Starting at the line that contains "Some of the text", print every remaining line of the entries, unchanged, and output nothing more.

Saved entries
*****

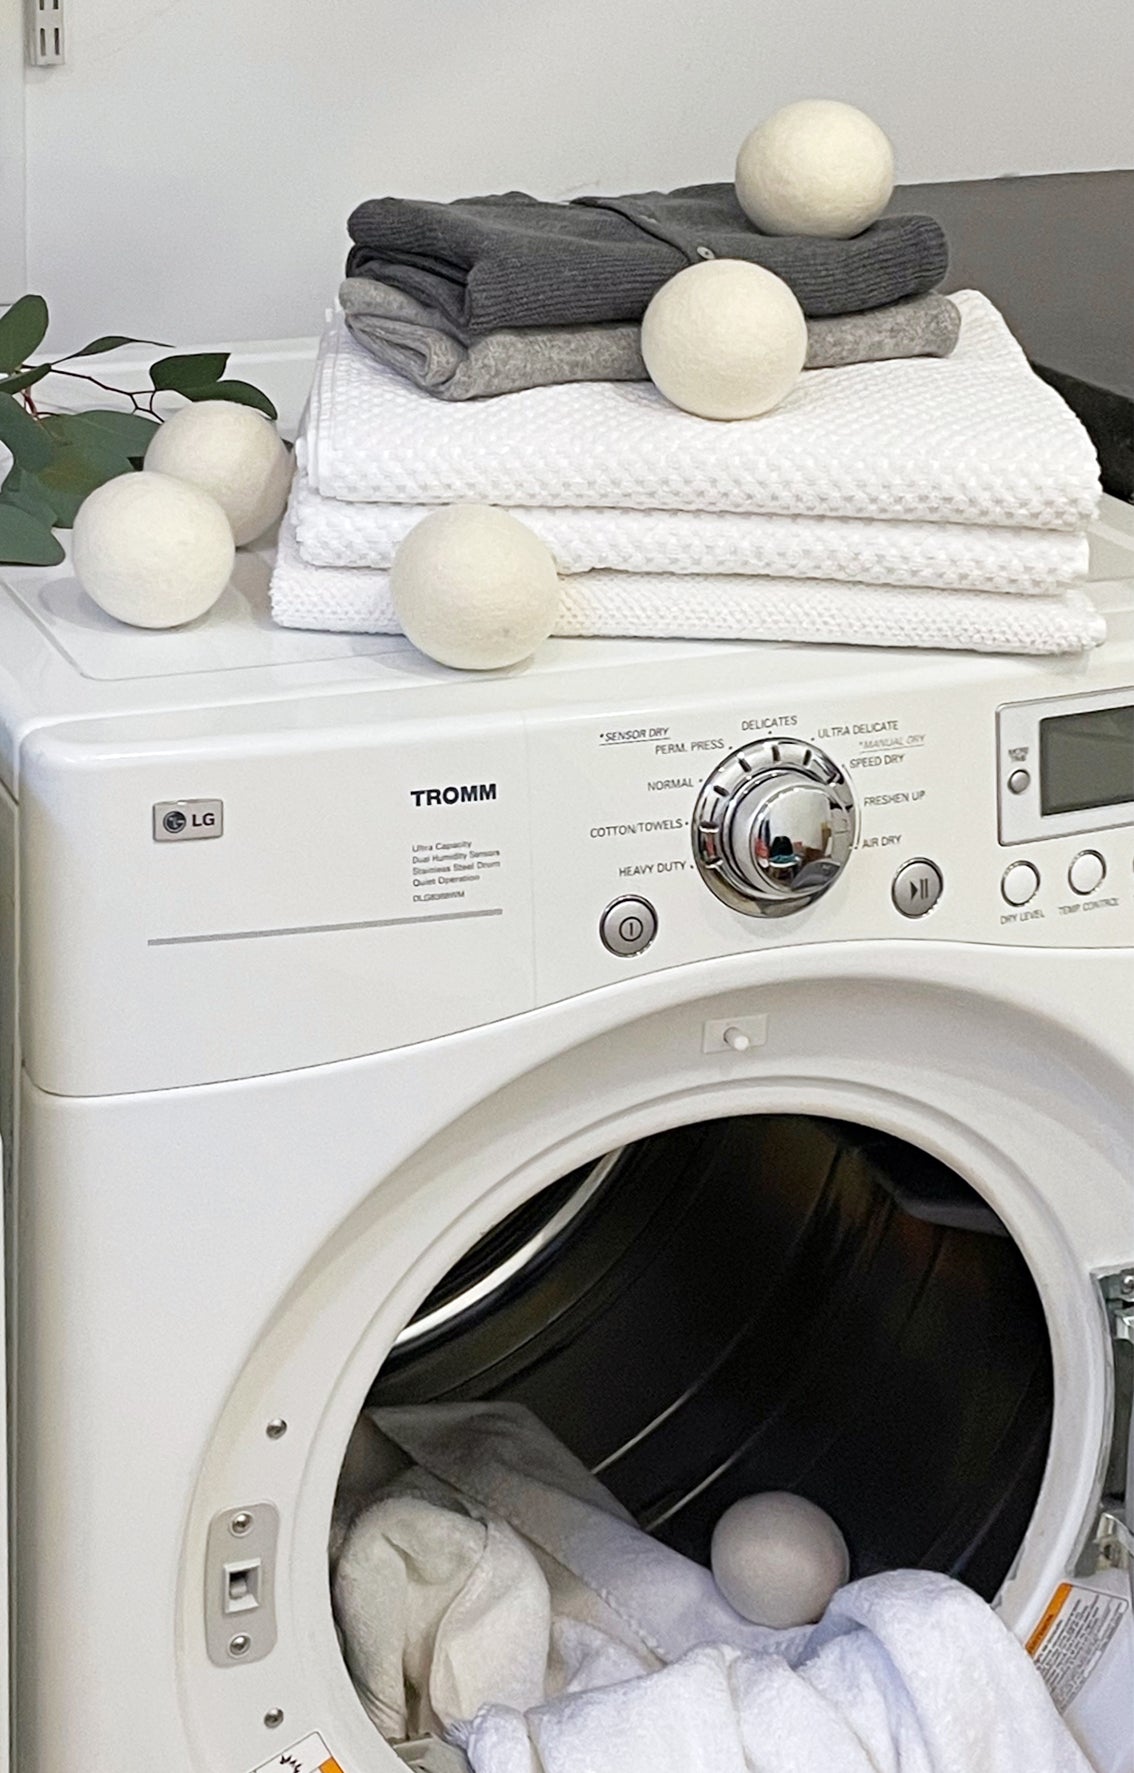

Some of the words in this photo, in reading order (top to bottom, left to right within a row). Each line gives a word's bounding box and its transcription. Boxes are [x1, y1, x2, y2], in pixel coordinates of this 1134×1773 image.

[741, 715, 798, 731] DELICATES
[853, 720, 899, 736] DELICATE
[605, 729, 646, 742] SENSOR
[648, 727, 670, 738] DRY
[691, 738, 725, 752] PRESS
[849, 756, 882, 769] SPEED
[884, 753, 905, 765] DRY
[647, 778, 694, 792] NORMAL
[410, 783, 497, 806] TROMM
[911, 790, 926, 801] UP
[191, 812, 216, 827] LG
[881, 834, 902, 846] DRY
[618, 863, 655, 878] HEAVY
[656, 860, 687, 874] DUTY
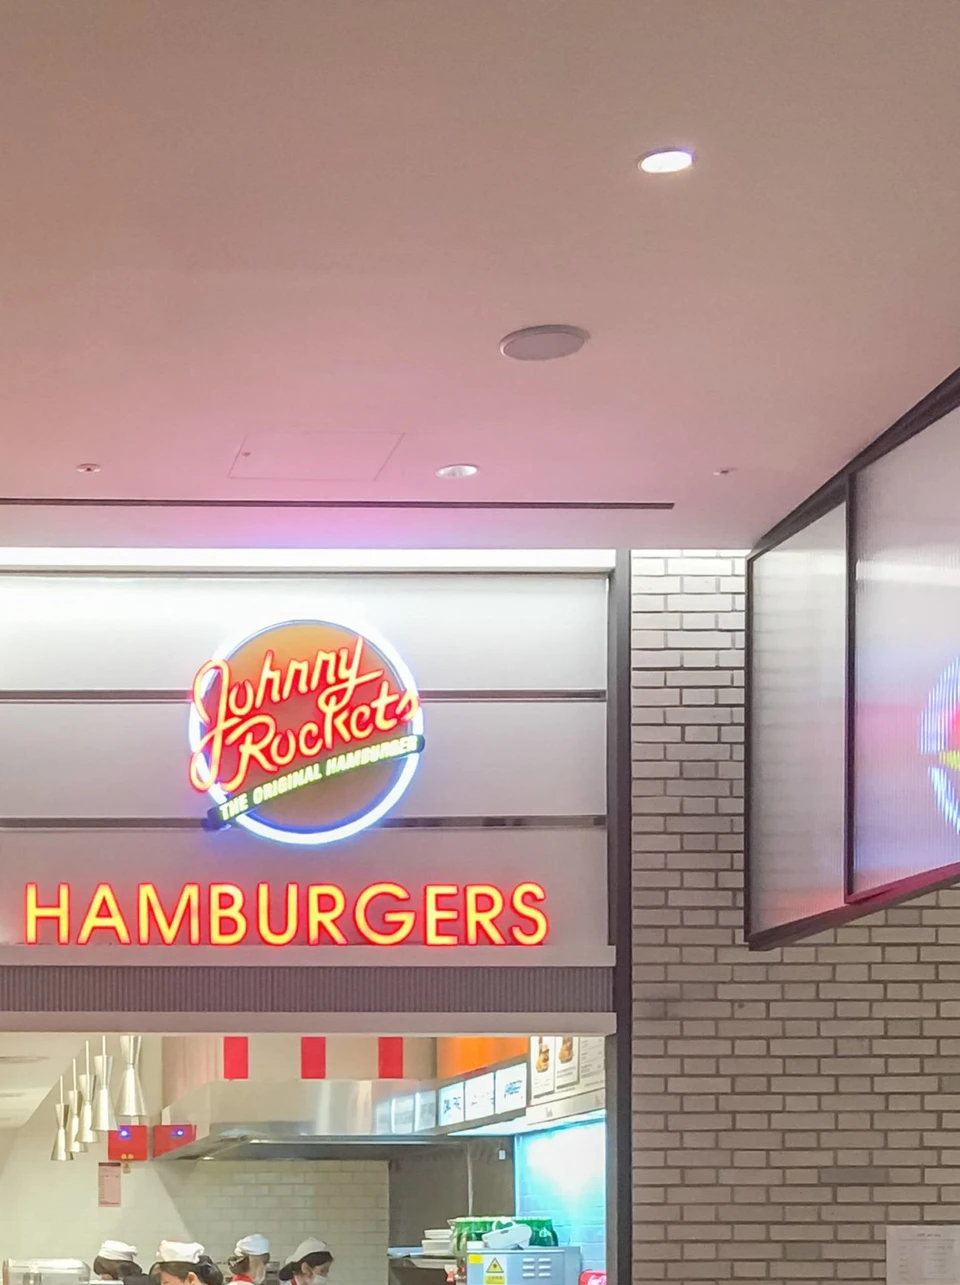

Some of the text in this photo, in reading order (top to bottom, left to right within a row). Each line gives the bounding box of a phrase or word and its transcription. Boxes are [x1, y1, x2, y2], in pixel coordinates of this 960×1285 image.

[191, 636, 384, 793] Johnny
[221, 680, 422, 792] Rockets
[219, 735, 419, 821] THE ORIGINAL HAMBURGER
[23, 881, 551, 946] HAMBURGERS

*****

* **Response box**:
Some of the text in this photo, in reading order (top to bottom, left to right within a row). Each line gives the bounding box of a phrase or word and its transcription. Boxes are [x1, y1, x2, y2], in pixel coordinates of this 960×1285 image.

[191, 636, 384, 793] Johnny
[221, 680, 422, 792] Rockets
[219, 735, 419, 821] THE ORIGINAL HAMBURGER
[23, 881, 551, 946] HAMBURGERS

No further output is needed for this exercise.